Dataset entries
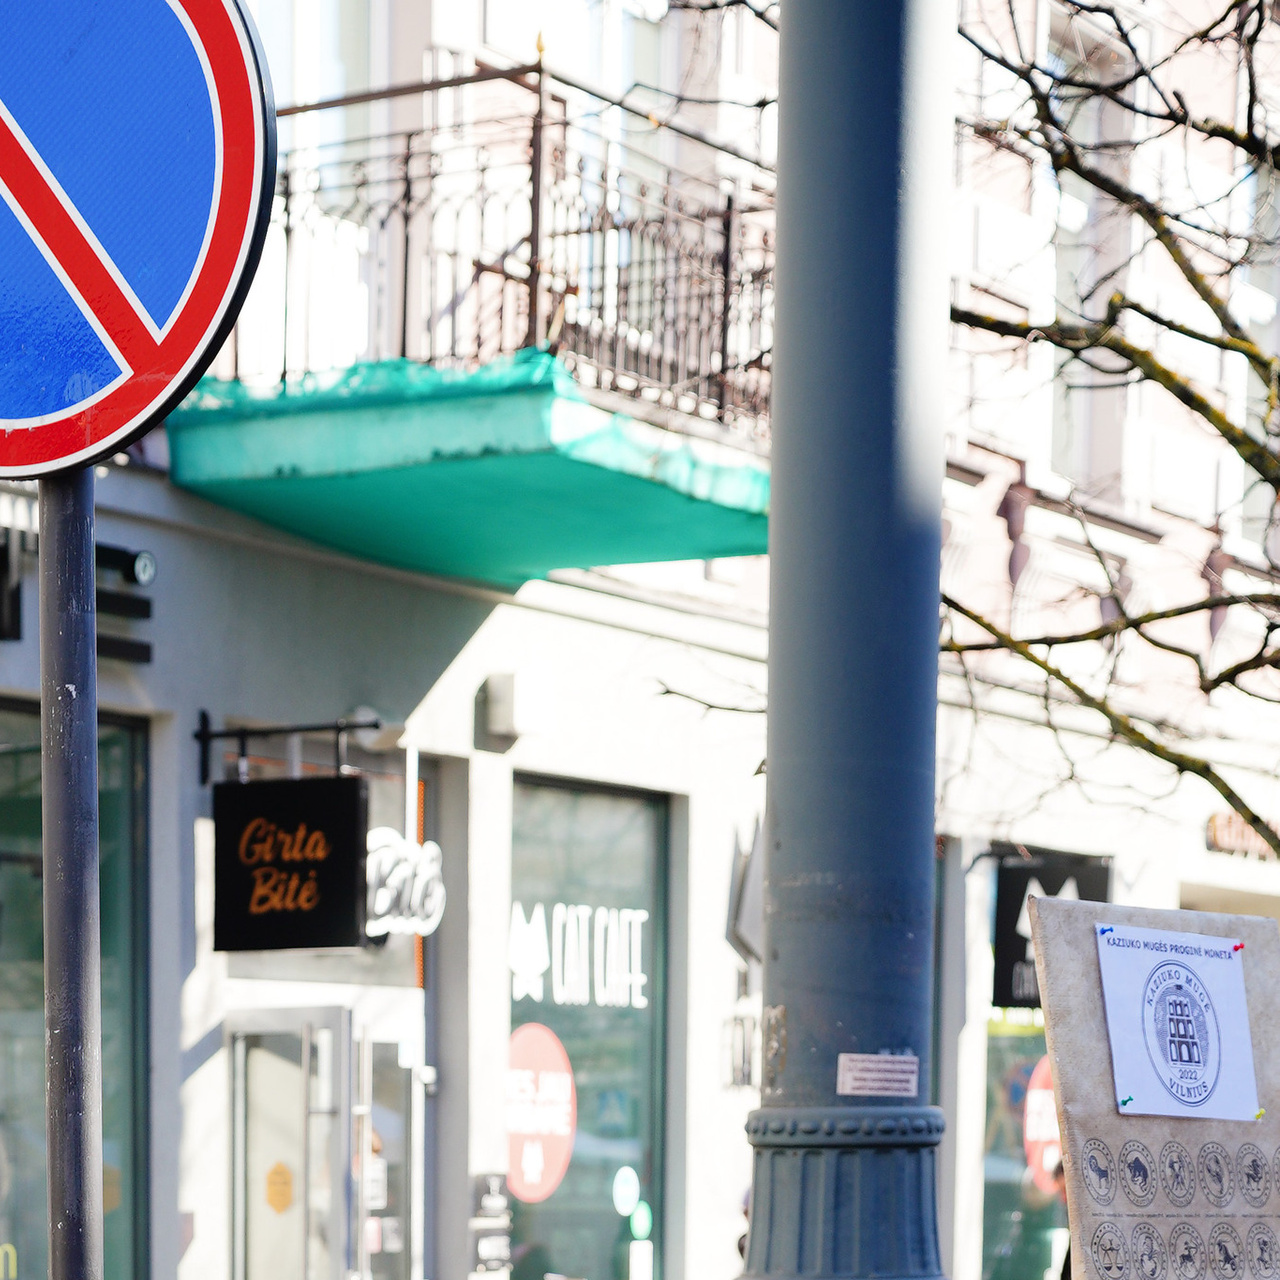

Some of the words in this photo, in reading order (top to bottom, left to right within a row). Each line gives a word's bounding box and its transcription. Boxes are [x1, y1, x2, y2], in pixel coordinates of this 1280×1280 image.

[239, 817, 332, 865] Girta
[1106, 937, 1141, 949] KAZIUKO
[1204, 948, 1233, 960] MONETA
[1178, 1069, 1198, 1080] 2022
[1169, 1077, 1209, 1098] VILNIUS

- [Exercise aim]
Transcribe all records verbatim and omit each image.

- [Response area]
Some of the words in this photo, in reading order (top to bottom, left to right within a row). Each line gives a word's bounding box and its transcription. Boxes are [x1, y1, x2, y2], in pixel coordinates of this 1280×1280 image.

[239, 817, 332, 865] Girta
[1106, 937, 1141, 949] KAZIUKO
[1204, 948, 1233, 960] MONETA
[1178, 1069, 1198, 1080] 2022
[1169, 1077, 1209, 1098] VILNIUS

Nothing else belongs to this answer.